You can read all my "Mystoerth" posts here, http://timbrannan.blogspot.com/search/label/Mystoerth
I liked those Princess Ark articles in Dragon a lot back in the day. But I was so indoctrinated into AD&D that I really didn't know what to make of the D&D products at the time. Since then, I've considered the Known World from time to time as a campaign world for a game. Hey, didn't that Red Steel setting for AD&D use the Savage Coast from the Known World?
ReplyDeleteI never played in the setting, nor did I read any of the gazetteers, but I did own the Rules Cyclopedia, which had some maps from the Known World in the back, and they were always fascinating, as they revealed an expansive setting that wasn't one of the big boxed ones with which I was more familiar.
ReplyDelete@Tim - thanks so much for commenting! I checked out your first link (the "absolutely" one) and that is just awesome. I'm looking forward to taking some time over the next few days to read more about your Mystoerth world. Have you actually used it in your games? It sounds really cool.

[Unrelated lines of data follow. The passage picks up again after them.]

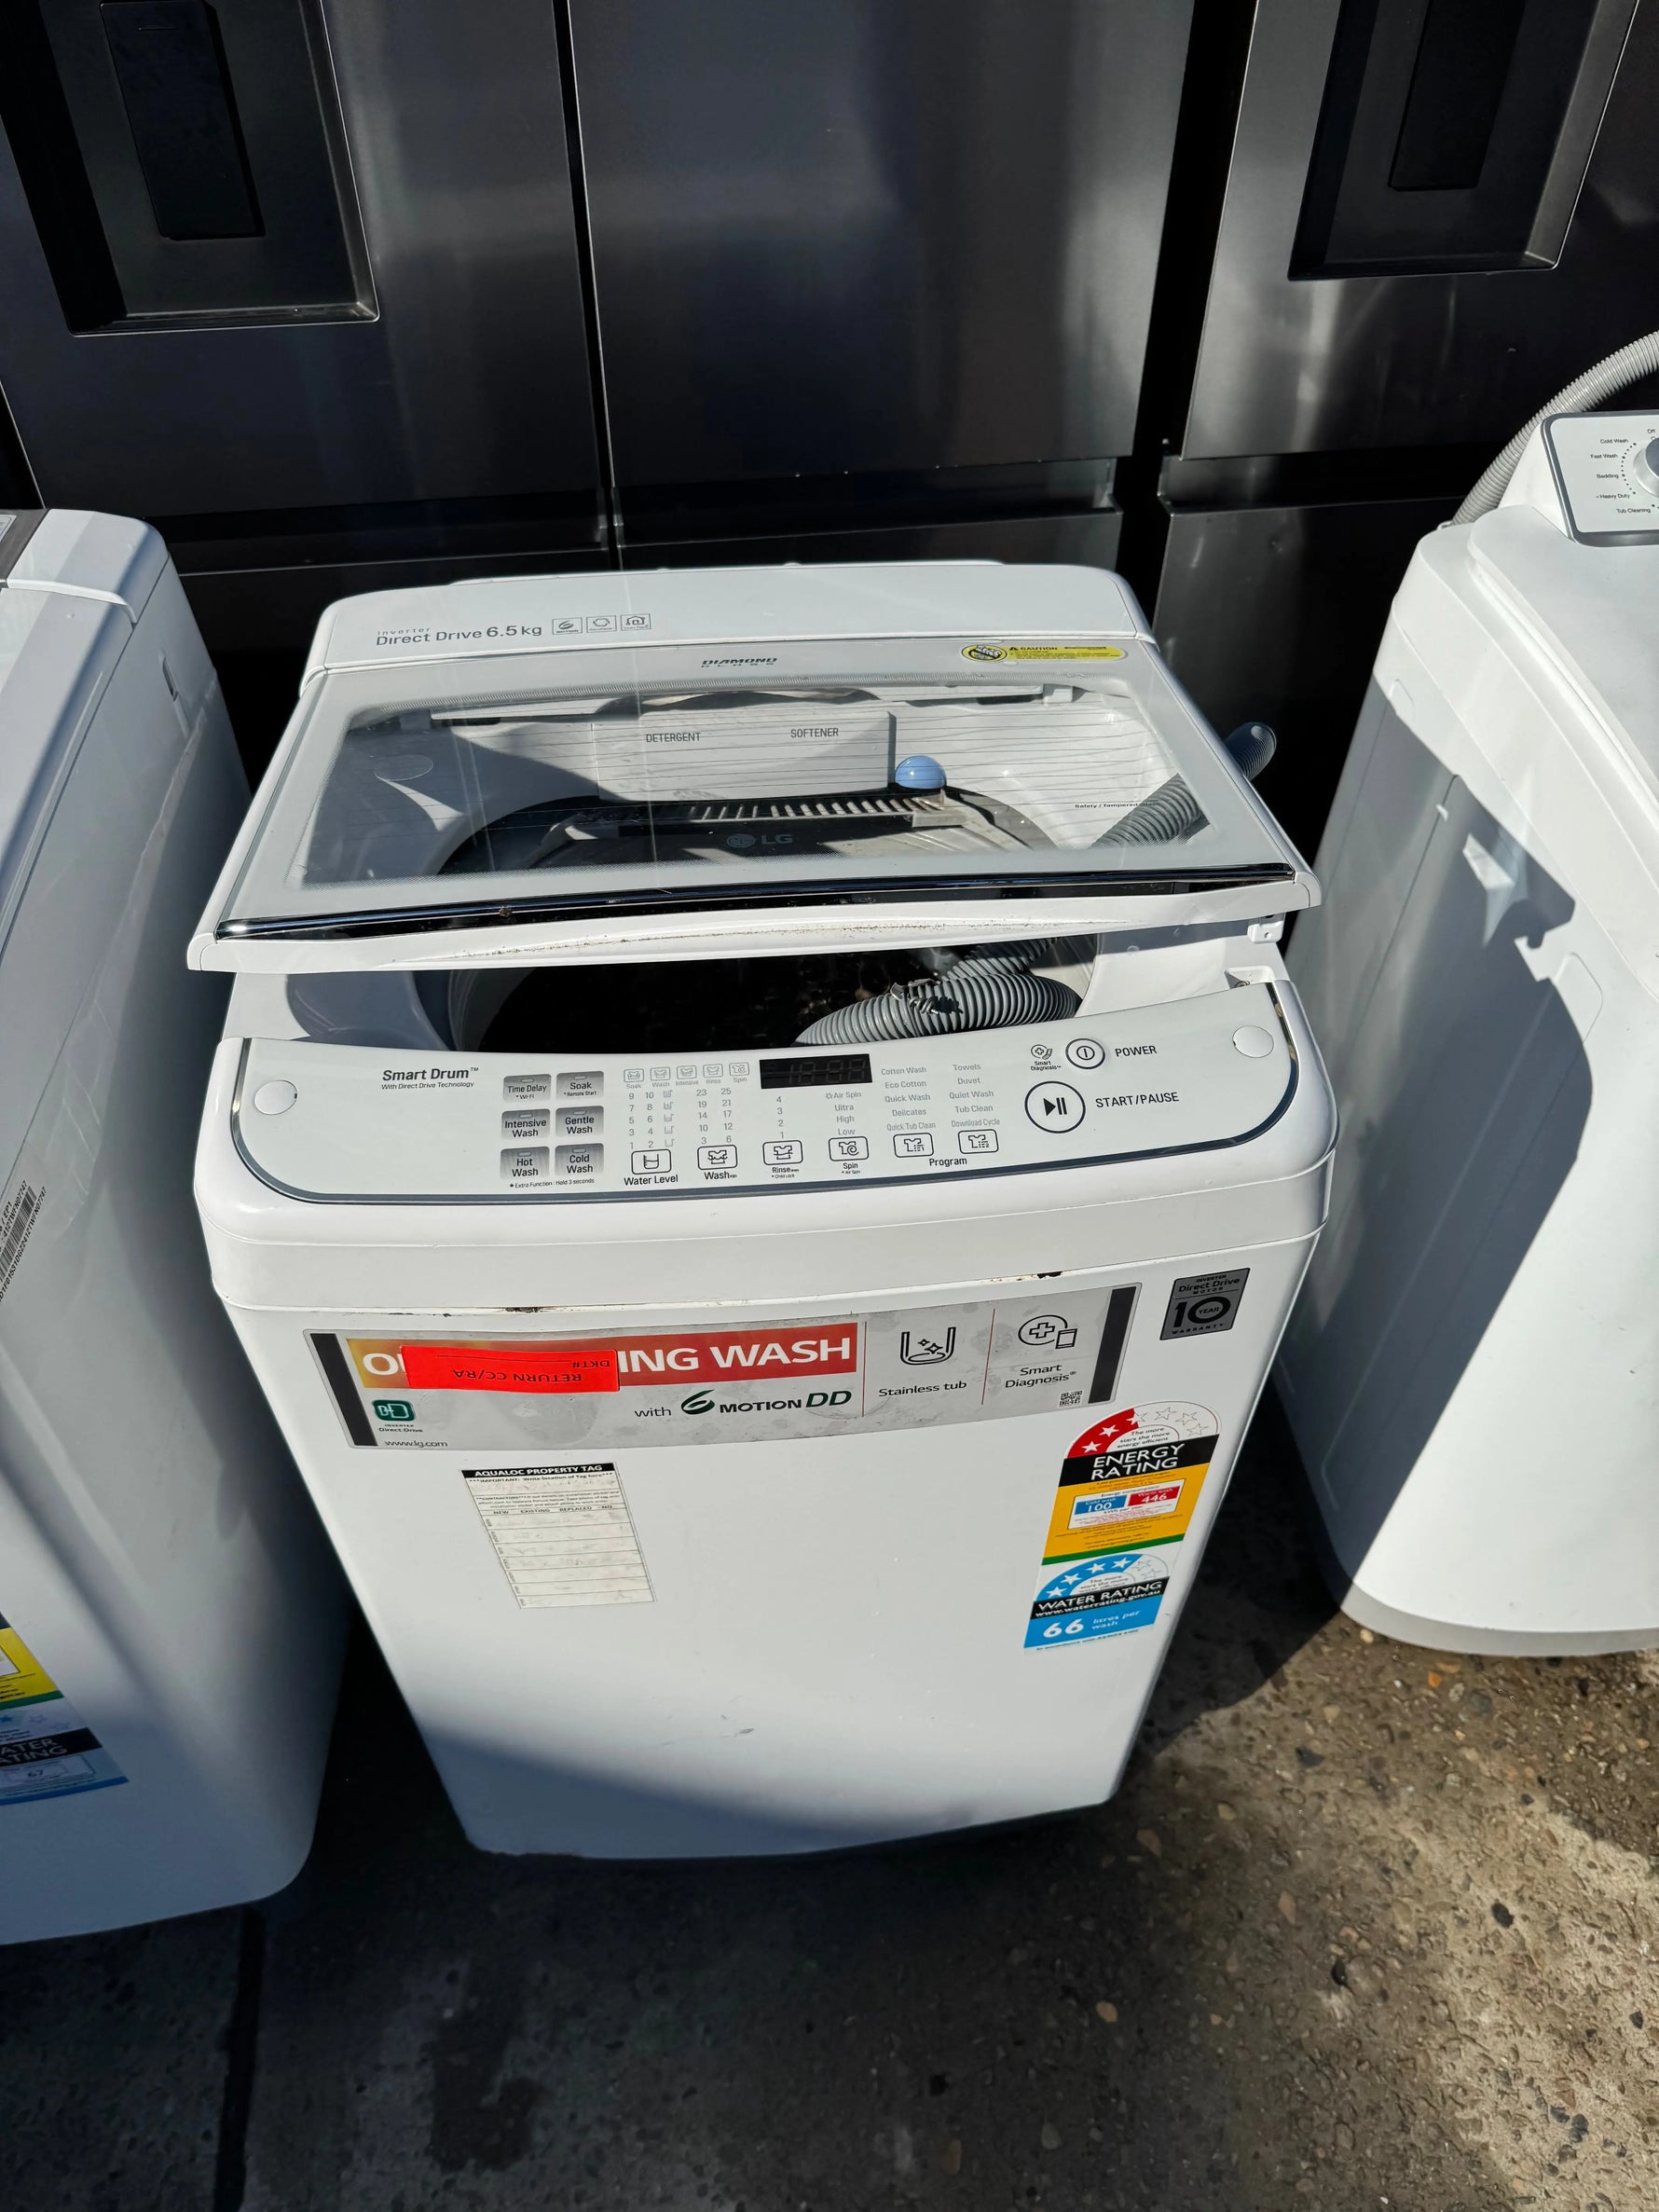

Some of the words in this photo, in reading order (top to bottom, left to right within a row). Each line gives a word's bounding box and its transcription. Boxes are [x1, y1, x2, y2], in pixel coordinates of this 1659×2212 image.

[377, 626, 431, 635] inverter
[377, 632, 431, 646] Direct
[435, 629, 482, 642] Drive
[486, 625, 517, 638] 6.5
[521, 625, 542, 637] kg
[646, 732, 701, 743] DETERGENT
[790, 727, 839, 738] SOFTENER
[761, 833, 793, 845] LG
[1115, 1045, 1158, 1057] POWER
[382, 1069, 427, 1081] Smart
[507, 1085, 525, 1093] Time
[527, 1084, 547, 1093] Delay
[569, 1081, 592, 1090] Soak
[1095, 1092, 1180, 1108] START/PAUSE
[892, 1108, 927, 1117] Delicates
[504, 1119, 547, 1129] Intensive
[565, 1116, 595, 1125] Gentle
[836, 1115, 855, 1123] High
[951, 1120, 982, 1128] Download
[567, 1125, 594, 1135] Wash
[724, 1122, 734, 1131] 12
[513, 1129, 539, 1138] Wash
[516, 1158, 533, 1167] Hot
[569, 1154, 590, 1163] Cold
[928, 1157, 967, 1167] Program
[567, 1164, 594, 1174] Wash
[843, 1162, 858, 1171] Spin
[512, 1168, 539, 1177] Wash
[704, 1171, 730, 1180] Wash
[624, 1176, 651, 1186] Water
[654, 1175, 679, 1184] Level
[1197, 1274, 1227, 1283] INVERTER
[1178, 1283, 1210, 1292] Direct
[1213, 1278, 1241, 1287] Drive
[1173, 1297, 1231, 1327] 10
[1172, 1323, 1224, 1334] WARRANTY
[709, 1337, 850, 1368] WASH
[571, 1359, 610, 1368] DKT#
[453, 1368, 507, 1381] CC/RA
[1020, 1365, 1063, 1376] Smart
[513, 1372, 583, 1382] RETURN
[879, 1382, 941, 1397] Stainless
[943, 1380, 967, 1393] tub
[635, 1407, 672, 1417] with
[720, 1399, 802, 1413] MOTION
[805, 1390, 852, 1408] DD
[1142, 1436, 1169, 1445] efficient
[1093, 1443, 1186, 1468] ENERGY
[474, 1467, 526, 1477] AQUALOC
[527, 1465, 579, 1475] PROPERTY
[581, 1464, 603, 1473] TAG
[1090, 1457, 1178, 1480] RATING
[1141, 1494, 1167, 1504] 446
[1088, 1503, 1113, 1513] 100
[1038, 1595, 1095, 1611] WATER
[1101, 1581, 1162, 1600] RATING
[1035, 1589, 1160, 1617] www.waterrating.gov.au
[1043, 1617, 1084, 1638] 66
[1092, 1615, 1118, 1624] litres
[1122, 1610, 1141, 1619] per
[1091, 1621, 1118, 1630] wash
[0, 1738, 57, 1755] ATER
[0, 1745, 68, 1765] ATING
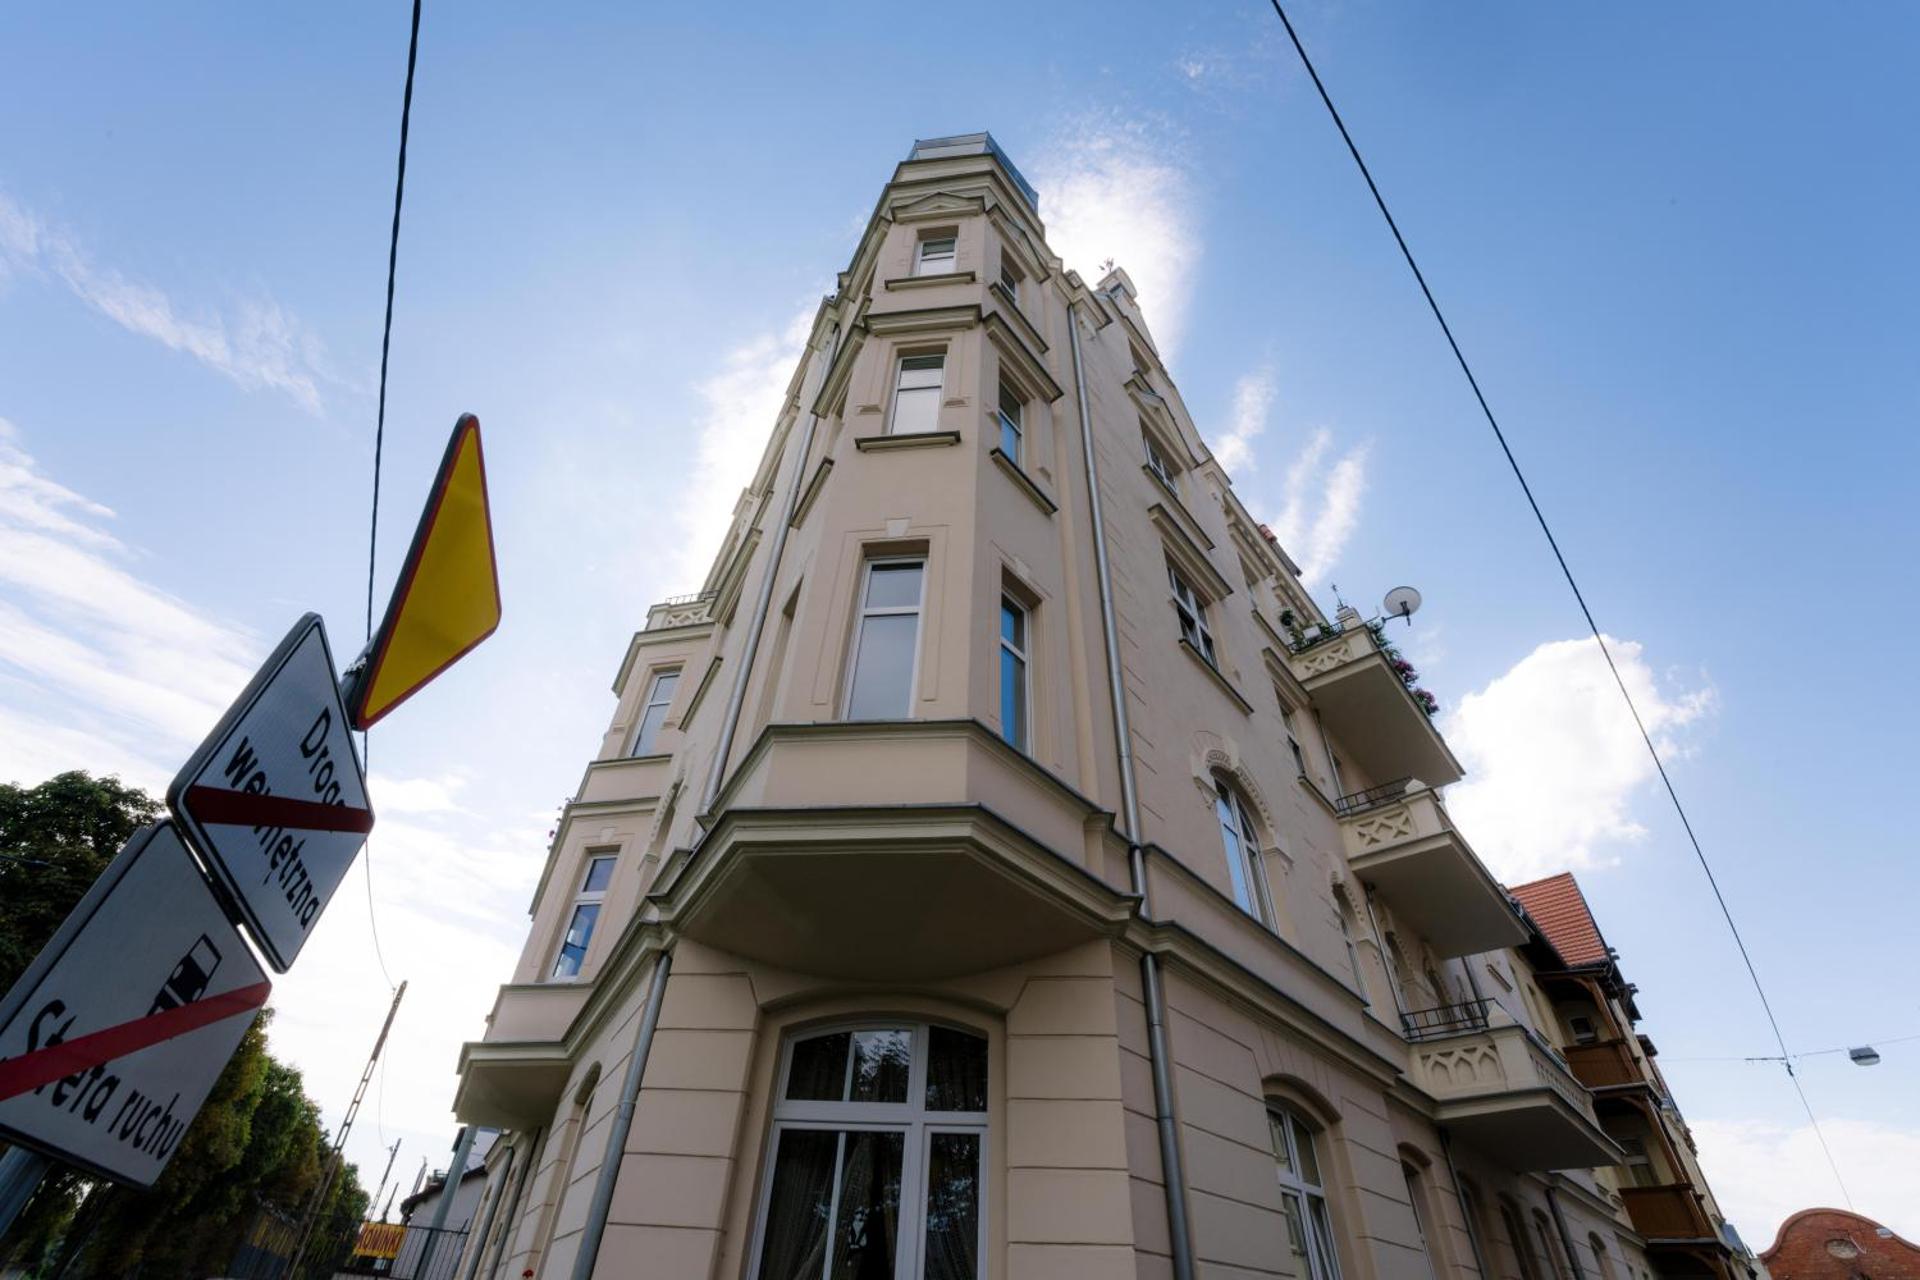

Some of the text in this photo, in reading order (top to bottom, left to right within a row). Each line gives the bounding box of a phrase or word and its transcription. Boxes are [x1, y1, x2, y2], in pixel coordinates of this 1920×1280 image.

ReplyDelete@Drance - Yes, Red Steel was part of the Savage Coast, which was largely the area described in the "Princess Ark" series. Oddly enough, my FLGS has a shrink-wrapped Red Steel box set sitting in their used section. It's been there for at least a year. I've often toyed with buying it (I think it's like $10 or $15), but I do have to watch my money and more importantly, my space.
@Kelvin - The Gazetteers were some of the best products that TSR put out during that period, in my opinion. I never got the Rules Cyclopedia - I'm curious how the map for the Known World in that book differs from the one I posted above, which is out of X1.